In some implementations, for one or more video frames of each training video, the adversarial loss is based on a discriminator score, wherein the discriminator score is generated by operations comprising: generating an input to a discriminator neural network, wherein the input comprises a reconstruction of the video frame that is generated using the first and second autoencoder neural networks; and providing the input to the discriminator neural network, wherein the discriminator neural network is configured to: receive an input comprising an input video frame; and process the input to generate an output discriminator score defining a likelihood that the video frame was generated using the first and second autoencoder neural networks.
According to another aspect, there is provided a method performed by one or more computers for decompressing a video, the method comprising: receiving a compressed representation of the video, wherein the compressed representation of the video defines, for each video frame after a first video frame in the video, a quantized flow latent that represents an optical flow between a preceding video frame and the video frame; and generating a reconstruction of each video frame in the video, comprising, for each video frame after the first video frame in the video: obtaining a reconstruction of a preceding video frame in the video; processing the quantized flow latent for the video frame using a flow generator neural network to generate an optical flow between the preceding video frame and the video frame; and generating the reconstruction of the video frame using: (i) the reconstruction of the preceding video frame, and (ii) the optical flow between the preceding video frame and the video frame.
In some implementations, generating the reconstruction of the video frame using: (i) the reconstruction of the preceding video frame, and (ii) the optical flow between the preceding video frame and the video frame, comprises: generating an initial reconstruction of the video frame by warping the reconstruction of the preceding video frame using the optical flow between the preceding video frame and the video frame; and generating the reconstruction of the video frame using the initial reconstruction of the video frame.
In some implementations, generating the reconstruction of the video frame using the initial reconstruction of the video frame comprises: generating a reconstruction of a residual video frame, wherein the residual video frame is defined by a difference between: (i) the video frame, and (ii) the initial reconstruction of the video frame; and generating the reconstruction of the video frame by combining reconstruction of the residual video frame with the initial reconstruction of the video frame.
In some implementations, the compressed representation of the video further comprises, for each video frame after the first video frame in the video, a quantized residual latent that represents a residual video frame; and wherein generating the reconstruction of the residual video frame comprises: processing the quantized residual latent for the video frame using a residual generator neural network to generate the reconstruction of the residual video frame.
In some implementations, the compressed representation of the video defines a latent representing the first video frame in the video; and generating the reconstruction of the first video frame comprises: processing the latent representing the first video frame using an I-frame generator neural network to generate the reconstruction of the first video frame.
According to another aspect, there is provided a computer storage medium encoded with a computer program, the program comprising instructions that when executed by data processing apparatus cause the data processing apparatus to perform operations of the methods described herein.
According to another aspect, there is provided a system, comprising: a data processing apparatus; and a computer storage medium encoded with a computer program, the program comprising instructions that when executed by the data processing apparatus cause the data processing apparatus to perform the operations of the methods described herein.
Particular embodiments of the subject matter described in this specification can be implemented so as to realize one or more of the following advantages.
The compression system described in this specification can generate compressed video data by generating optical flow data that defines optical flow between the video frames in the video.

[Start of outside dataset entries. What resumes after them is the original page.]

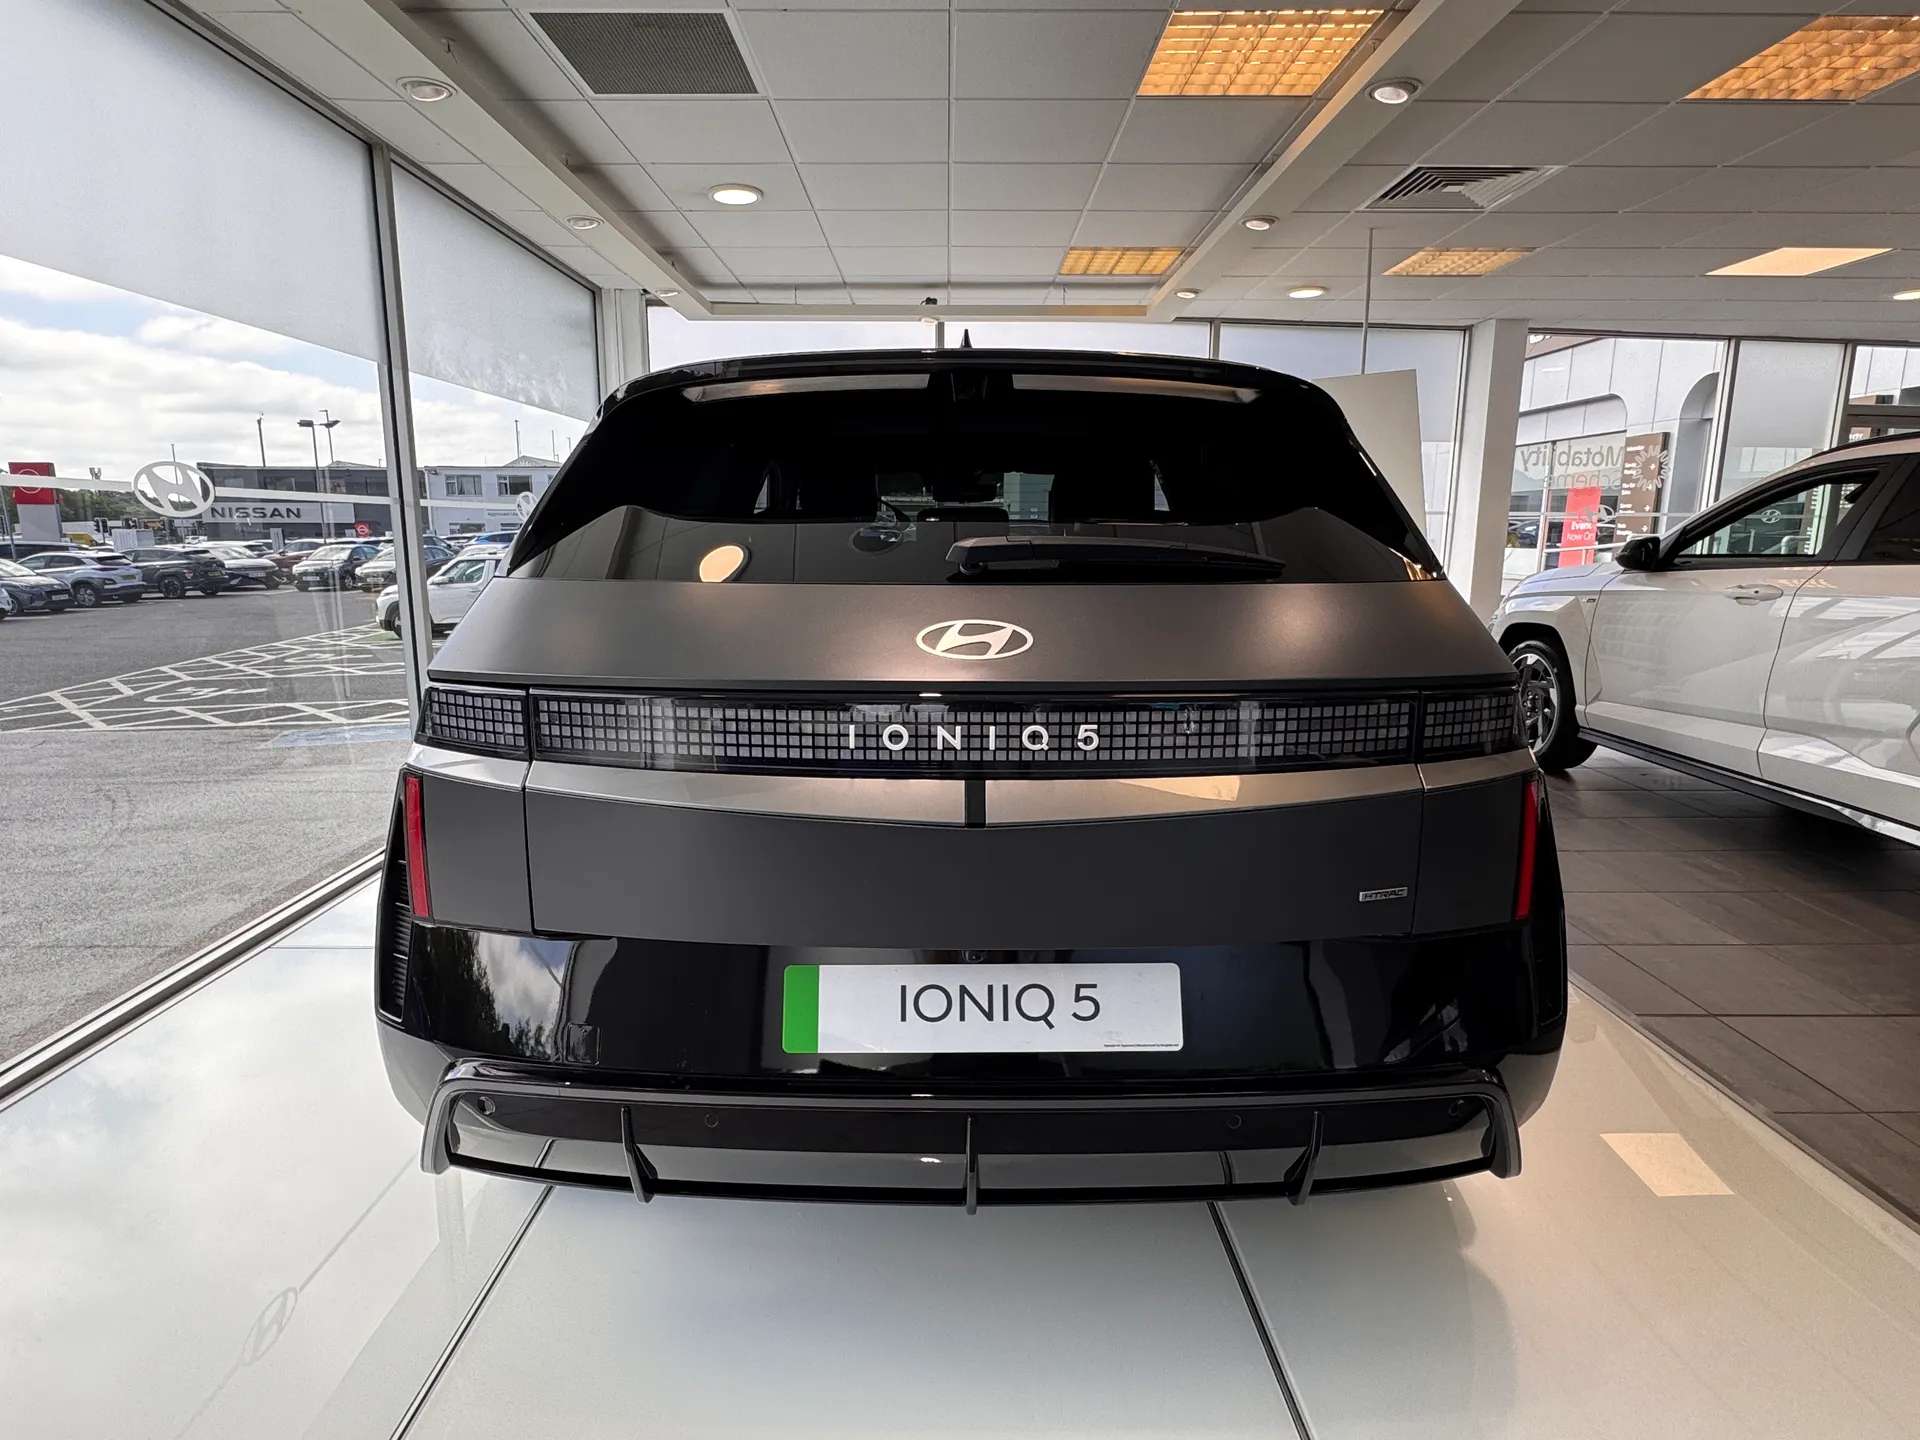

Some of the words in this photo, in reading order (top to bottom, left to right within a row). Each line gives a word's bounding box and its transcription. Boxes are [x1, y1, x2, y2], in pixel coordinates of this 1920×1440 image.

[211, 507, 301, 519] NISSAN
[849, 724, 1049, 751] IONIQ
[1077, 724, 1099, 751] 5
[900, 983, 1055, 1030] IONIQ
[1071, 983, 1101, 1022] 5

The compression system then compresses the optical flow data includes a compressed representation of the optical flow data in the compressed representation of the video. The optical flow data can, in some cases, be compressed more efficiently than the original video frames, e.g., because significant portions of the optical flow data may have constant values reflecting smooth and predictable motion between video frames. Therefore representing the video frames in terms of optical flow enables the video to be compressed more efficiently.
In addition to generating optical flow data representing optical flow between the video frames in the video, the compression system can further generate residual video frames corresponding to the video frames in the video. A residual video frame (“residual”) corresponding to a video frame represents an error in a reconstruction of the video frame that is generated using the optical flow data. The compression system can compress the residual video frames and include compressed representations of the residual video frames in the compressed representation of the video. The residual video frames can, in some cases, be compressed more efficiently than the original video frames, e.g., because they may consist substantially of small values near zero. Therefore representing the video frames in terms of optical flow and residual video frames can enable the video to be compressed efficiently while enabling high-fidelity reconstruction of the video.

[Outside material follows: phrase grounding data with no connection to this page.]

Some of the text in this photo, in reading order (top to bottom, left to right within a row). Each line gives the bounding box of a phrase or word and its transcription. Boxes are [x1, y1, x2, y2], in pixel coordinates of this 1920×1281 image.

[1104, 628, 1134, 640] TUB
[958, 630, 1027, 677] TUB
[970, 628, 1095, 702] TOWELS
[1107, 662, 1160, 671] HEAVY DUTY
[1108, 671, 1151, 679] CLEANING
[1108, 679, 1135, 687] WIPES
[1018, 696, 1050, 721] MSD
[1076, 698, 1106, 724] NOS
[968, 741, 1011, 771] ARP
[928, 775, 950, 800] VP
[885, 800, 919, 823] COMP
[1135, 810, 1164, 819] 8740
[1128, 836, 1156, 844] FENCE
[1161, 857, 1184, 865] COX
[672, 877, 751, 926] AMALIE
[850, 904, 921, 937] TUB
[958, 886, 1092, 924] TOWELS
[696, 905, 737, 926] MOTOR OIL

The compression system can include neural networks that are trained using an adversarial loss. The adversarial loss encourages the compression system to generate compressed video data that can be reconstructed to generate realistic video data, e.g., that is free of unnatural artifacts that frequently result from decompressing video data using conventional systems.
The details of one or more embodiments of the subject matter of this specification are set forth in the accompanying drawings and the description below. Other features, aspects, and advantages of the subject matter will become apparent from the description, the drawings, and the claims.
Like reference numbers and designations in the various drawings indicate like elements.
1 3 FIG.- 4 6 FIG.- 7 FIG. This specification describes a compression system for compressing video data, a decompression for decompressing video data, and a training system for training neural networks included in the compression system and the decompression system. The compression system is described in more detail with reference to, the decompression system is described in more detail with reference to, and the training system is described in more detail with reference to.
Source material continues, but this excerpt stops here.